→ EXERCISE REQUIREMENTS: Copy every record exactly, and keep the pictures out.

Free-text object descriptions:

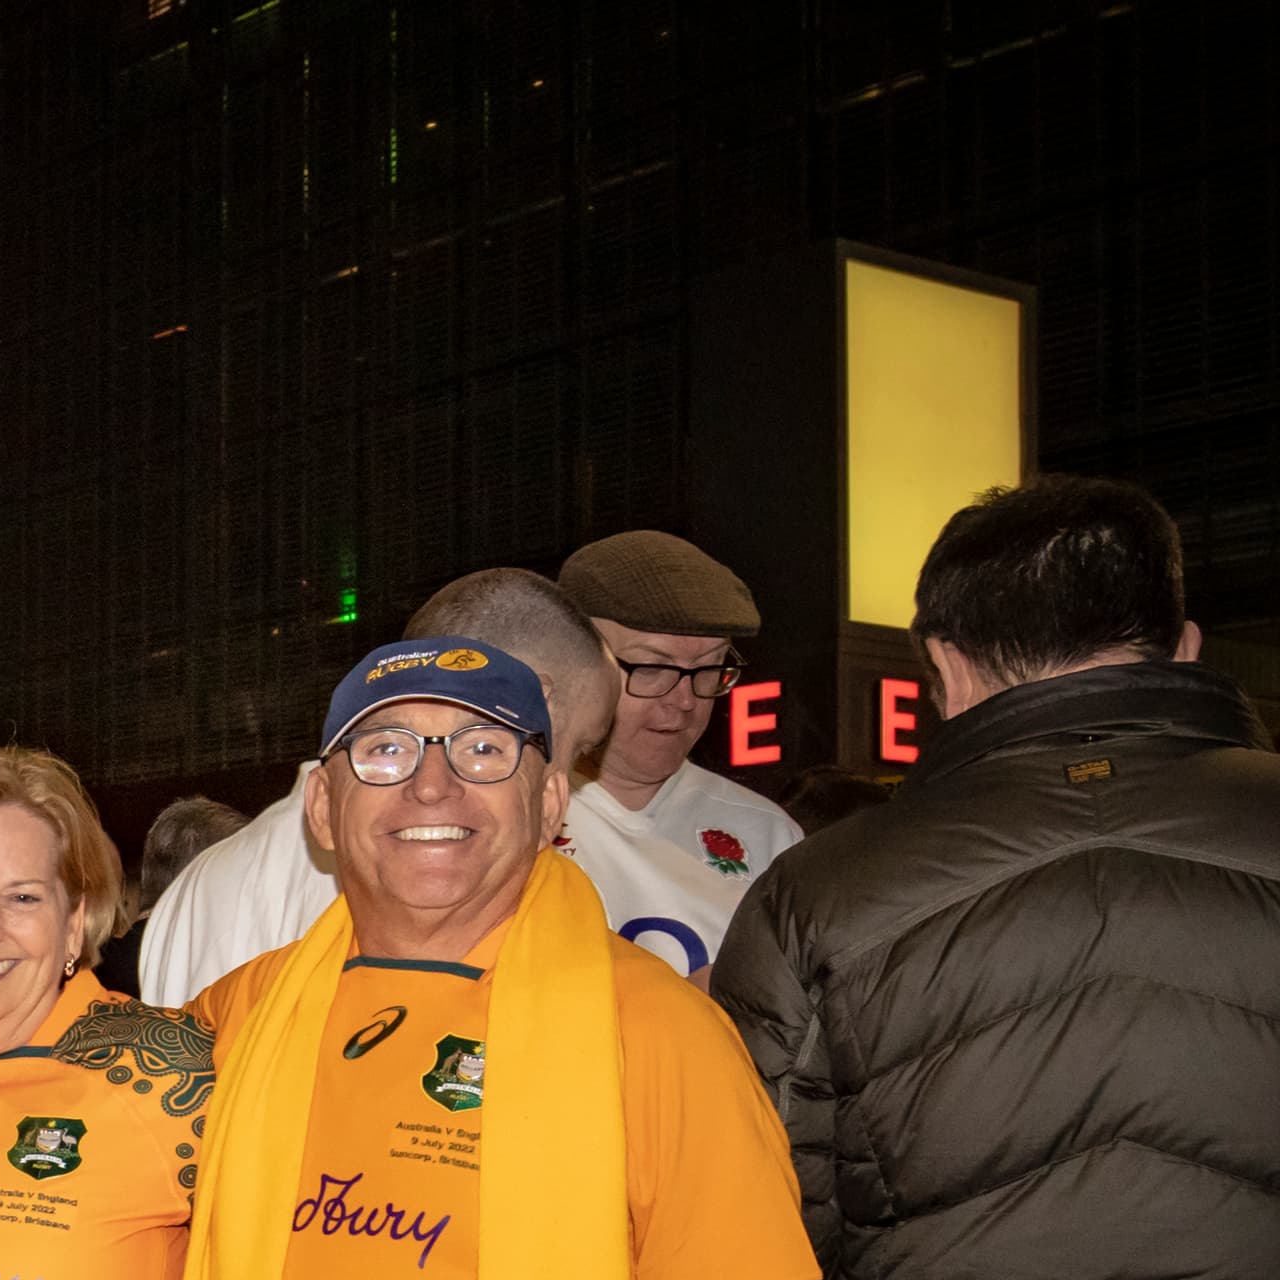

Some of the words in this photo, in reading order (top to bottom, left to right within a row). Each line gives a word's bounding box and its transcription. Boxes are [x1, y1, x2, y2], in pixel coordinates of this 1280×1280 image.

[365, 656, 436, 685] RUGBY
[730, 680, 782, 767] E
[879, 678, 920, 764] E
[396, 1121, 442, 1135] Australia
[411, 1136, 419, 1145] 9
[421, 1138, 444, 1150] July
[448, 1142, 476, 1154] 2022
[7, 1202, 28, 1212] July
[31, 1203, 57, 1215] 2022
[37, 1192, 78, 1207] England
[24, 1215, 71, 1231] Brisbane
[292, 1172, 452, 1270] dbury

→ ANSWER FOR THE TASK:
Some of the words in this photo, in reading order (top to bottom, left to right within a row). Each line gives a word's bounding box and its transcription. Boxes are [x1, y1, x2, y2], in pixel coordinates of this 1280×1280 image.

[365, 656, 436, 685] RUGBY
[730, 680, 782, 767] E
[879, 678, 920, 764] E
[396, 1121, 442, 1135] Australia
[411, 1136, 419, 1145] 9
[421, 1138, 444, 1150] July
[448, 1142, 476, 1154] 2022
[7, 1202, 28, 1212] July
[31, 1203, 57, 1215] 2022
[37, 1192, 78, 1207] England
[24, 1215, 71, 1231] Brisbane
[292, 1172, 452, 1270] dbury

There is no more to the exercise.